= Lars Hannibal =

Danish classical guitarist and lutenist (born 1951)

Lars Hannibal (born 15 July 1951 in Aarhus) is a Danish classical guitarist and lutenist who frequently performs with his ex-wife Michala Petri playing the recorder.

==Biography==

Hannibal grew up in Aarhus where he was first inspired by the music of Bob Dylan, The Beatles and the Rolling Stones. He extended his interest to the classical guitar after listening to Andrés Segovia playing Bach.

He studied the guitar at the Aarhus conservatory and the lute in The Hague with Toyohiko Satoh, completing his studies in 1980. Since 1972, he has taught music at the Peter Sabroe National Institute for Social Educators in Aarhus and occasionally plays in rock bands.

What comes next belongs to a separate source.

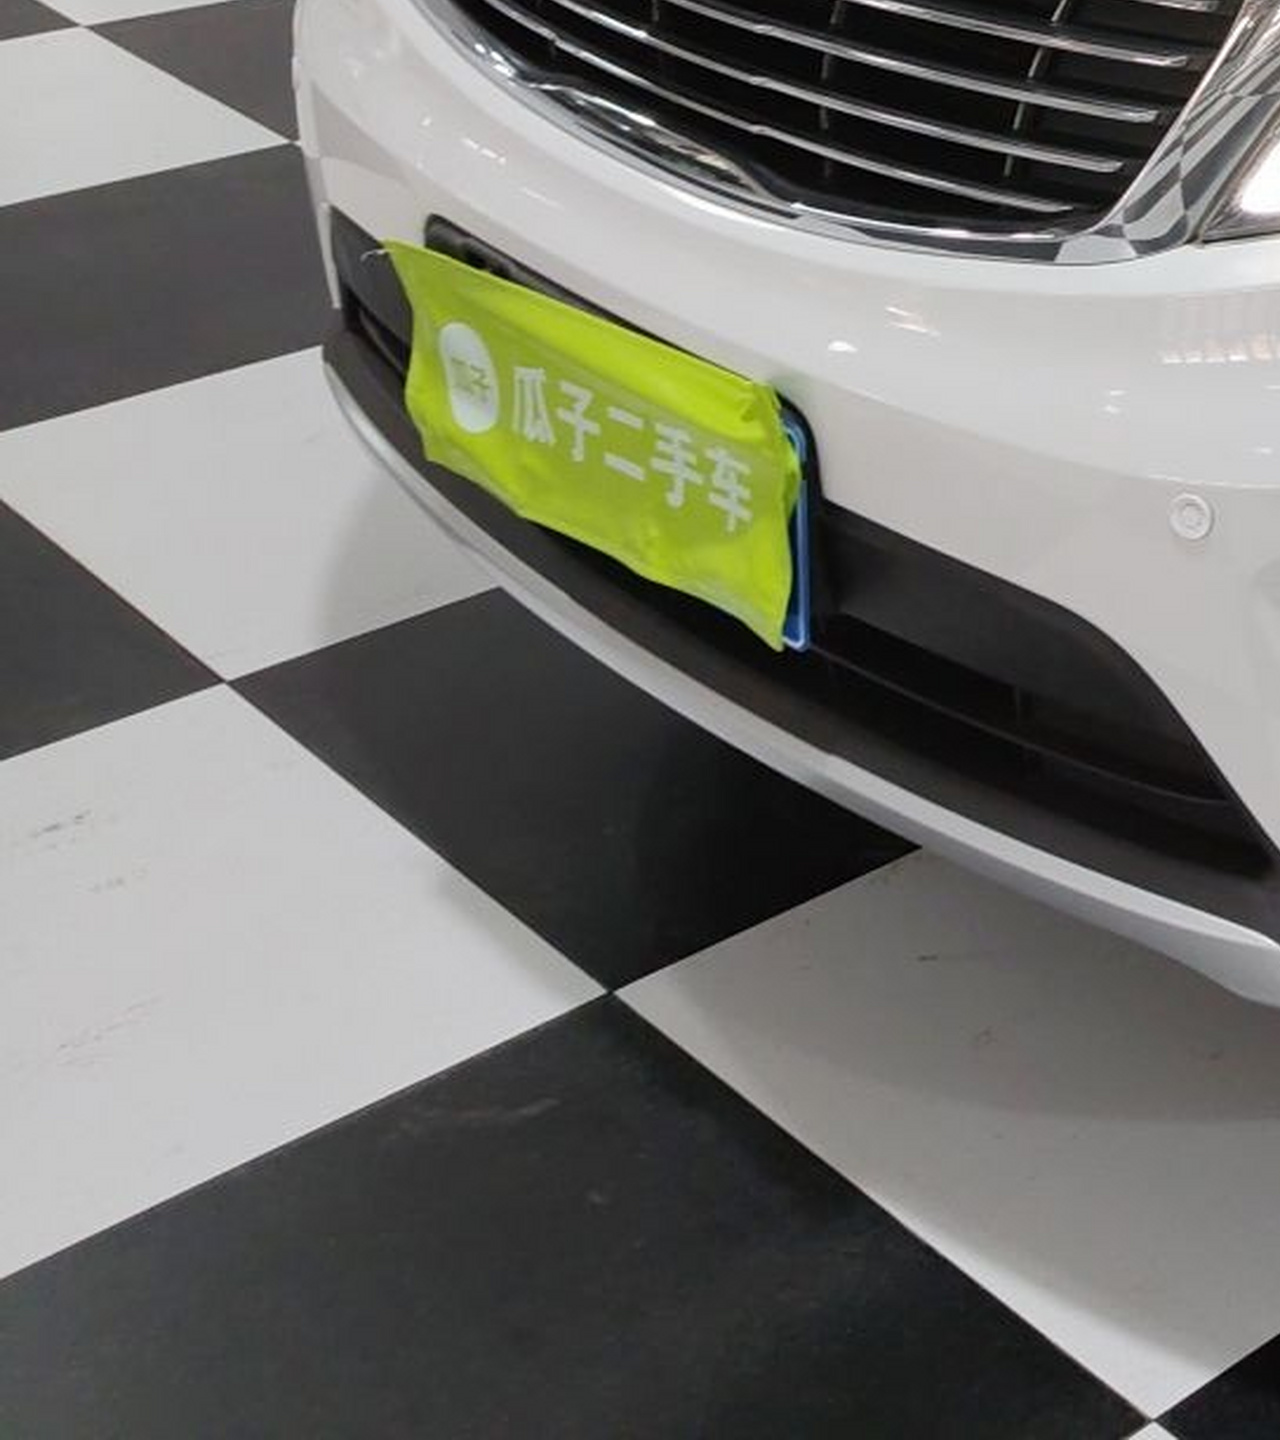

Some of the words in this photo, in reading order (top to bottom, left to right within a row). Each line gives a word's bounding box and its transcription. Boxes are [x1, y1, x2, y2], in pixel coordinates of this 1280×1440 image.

[511, 364, 754, 534] 瓜子二手车

In 1992, he married Michala Petri with whom he has given over 1,500 concerts and made numerous recordings. They divorced in 2010 although they still perform together. Together they founded the record company OUR Recordings. Hannibal has also performed with a number of other artists including the violinist Kim Sjøgren, the trumpeter Michael Brydenfelt, and later the Chinese violinist Tina Chen Yi. He has taken a special interest in China where he organized a Gala Concert in the Danish Pavilion at the 2010 Shanghai World Expo. His project Dialogue—East meets West encourages artistic discussion between Denmark and China.